Suborder of small freshwater animals

Onychopoda, from Ancient Greek ὄνυχος (ónukhos), meaning "claw", and πούς poús, meaning "foot", are a specialised order of branchiopod crustaceans, belonging to the superorder Cladocera.

The order Onychopoda is "one of the most morphologically distinctive groups of cladocerans". They have only four pairs of legs, compared to five or six pairs in Ctenopoda and Anomopoda.
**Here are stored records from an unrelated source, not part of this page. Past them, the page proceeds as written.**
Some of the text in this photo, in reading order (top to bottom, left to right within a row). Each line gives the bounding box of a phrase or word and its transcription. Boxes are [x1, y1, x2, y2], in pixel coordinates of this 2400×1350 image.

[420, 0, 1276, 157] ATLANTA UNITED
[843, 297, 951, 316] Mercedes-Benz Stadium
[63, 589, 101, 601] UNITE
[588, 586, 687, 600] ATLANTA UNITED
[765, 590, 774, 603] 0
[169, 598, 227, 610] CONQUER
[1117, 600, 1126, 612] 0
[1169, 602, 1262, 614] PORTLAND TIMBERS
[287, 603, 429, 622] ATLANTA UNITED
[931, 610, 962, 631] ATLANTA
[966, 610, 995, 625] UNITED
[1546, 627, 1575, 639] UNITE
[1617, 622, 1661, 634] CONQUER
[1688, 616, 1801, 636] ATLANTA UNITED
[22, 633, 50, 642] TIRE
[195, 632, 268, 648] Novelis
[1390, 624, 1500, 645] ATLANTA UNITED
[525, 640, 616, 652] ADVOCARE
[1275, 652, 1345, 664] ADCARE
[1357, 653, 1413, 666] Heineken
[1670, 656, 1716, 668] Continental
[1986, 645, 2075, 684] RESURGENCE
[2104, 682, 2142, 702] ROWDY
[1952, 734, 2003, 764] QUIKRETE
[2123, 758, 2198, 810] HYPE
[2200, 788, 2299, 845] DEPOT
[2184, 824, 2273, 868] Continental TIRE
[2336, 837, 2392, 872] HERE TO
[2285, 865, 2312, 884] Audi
Unusually among branchiopod crustaceans, Onychopoda share with Haplopoda the presence of segmented appendages, which are used for grasping prey.
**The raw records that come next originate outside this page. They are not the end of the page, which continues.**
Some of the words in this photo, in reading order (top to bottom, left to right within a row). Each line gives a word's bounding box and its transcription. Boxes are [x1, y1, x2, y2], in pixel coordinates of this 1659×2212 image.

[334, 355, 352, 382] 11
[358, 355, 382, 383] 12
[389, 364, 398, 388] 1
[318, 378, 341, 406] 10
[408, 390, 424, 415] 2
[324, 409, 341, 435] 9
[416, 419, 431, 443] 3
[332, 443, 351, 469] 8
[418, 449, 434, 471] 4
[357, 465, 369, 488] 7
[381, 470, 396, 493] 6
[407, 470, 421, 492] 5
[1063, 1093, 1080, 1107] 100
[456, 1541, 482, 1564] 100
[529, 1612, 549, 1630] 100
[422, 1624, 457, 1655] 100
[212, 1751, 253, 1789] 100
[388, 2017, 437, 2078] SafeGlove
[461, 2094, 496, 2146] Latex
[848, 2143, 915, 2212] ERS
Most species of Onychopoda live in the waters of the Ponto-Caspian basin (Caspian Sea, Aral Sea, Black Sea including Sea of Azov), in remnants of the ancient Paratethys ocean. Some other species live in fresh water or in the oceans, where they can be widespread. The Onychopoda have accidentally been introduced to areas outside of their native range.
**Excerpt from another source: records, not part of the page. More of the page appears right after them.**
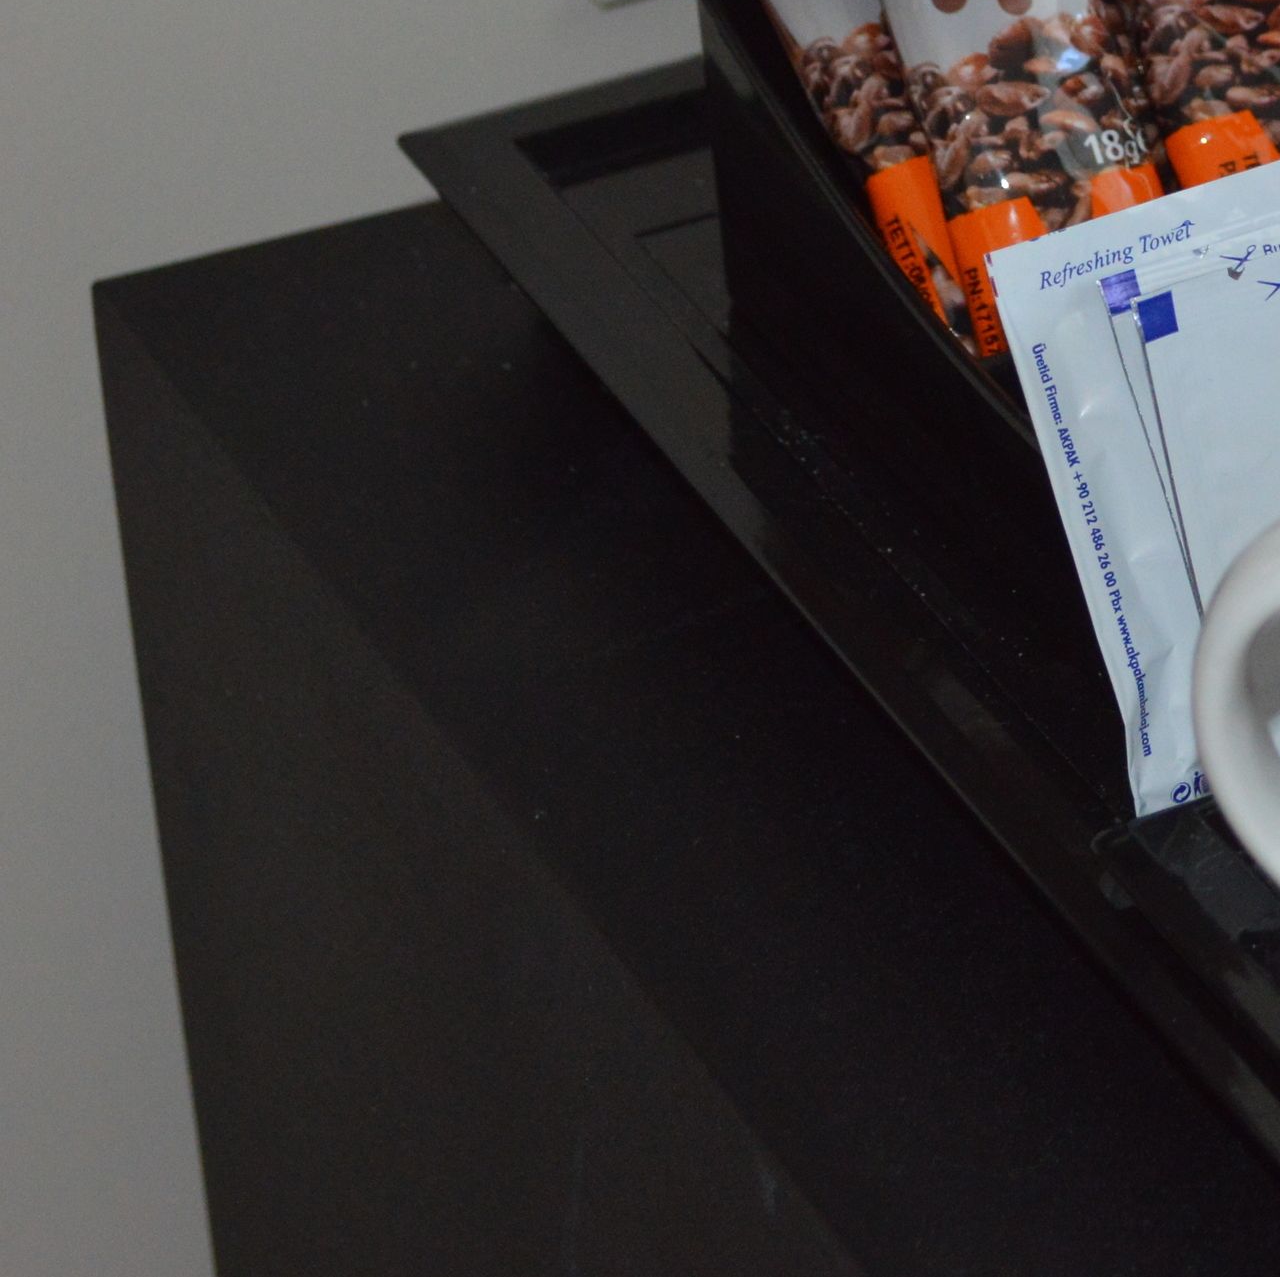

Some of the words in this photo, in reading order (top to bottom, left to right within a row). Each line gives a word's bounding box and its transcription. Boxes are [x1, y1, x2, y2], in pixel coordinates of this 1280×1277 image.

[1039, 245, 1134, 291] Refreshing
[1139, 220, 1193, 254] Towel
[1044, 384, 1063, 426] Firma:
[1057, 427, 1081, 468] AKPAK
[1073, 471, 1090, 499] +90
[1081, 500, 1098, 526] 212
[1090, 527, 1105, 551] 486
[1097, 552, 1112, 570] 26
[1103, 571, 1117, 588] 00
[1109, 588, 1123, 614] Pbx
[1117, 614, 1153, 758] www.akpakambalaj.com
There are three families, containing 10 genera and around 33 described species, most of which are endemic to the Ponto-Caspian basin:
- Cercopagididae Mordukhai-Boltovskoi, 1968 – 2 genera (Cercopagis and Bythotrephes), 14 species; Black Sea & Caspian Sea
- Podonidae Mordukhai-Boltovskoi, 1968 – 7 genera, 17 species; Pont-Caspian (Caspievadne, Cornigerius and Podonevadne) and marine (Evadne, Pleopis, Podon and Pseudevadne)
- Polyphemidae Baird, 1845 – 1 genus (Polyphemus), 2 species; fresh water

The embryos are protected by a brood pouch, which also secretes nutrients to aid their development. This may be related to the colonisation of the oceans, since the only other marine cladoceran, Penilia avirostris, has a similar pouch as a result of convergent evolution.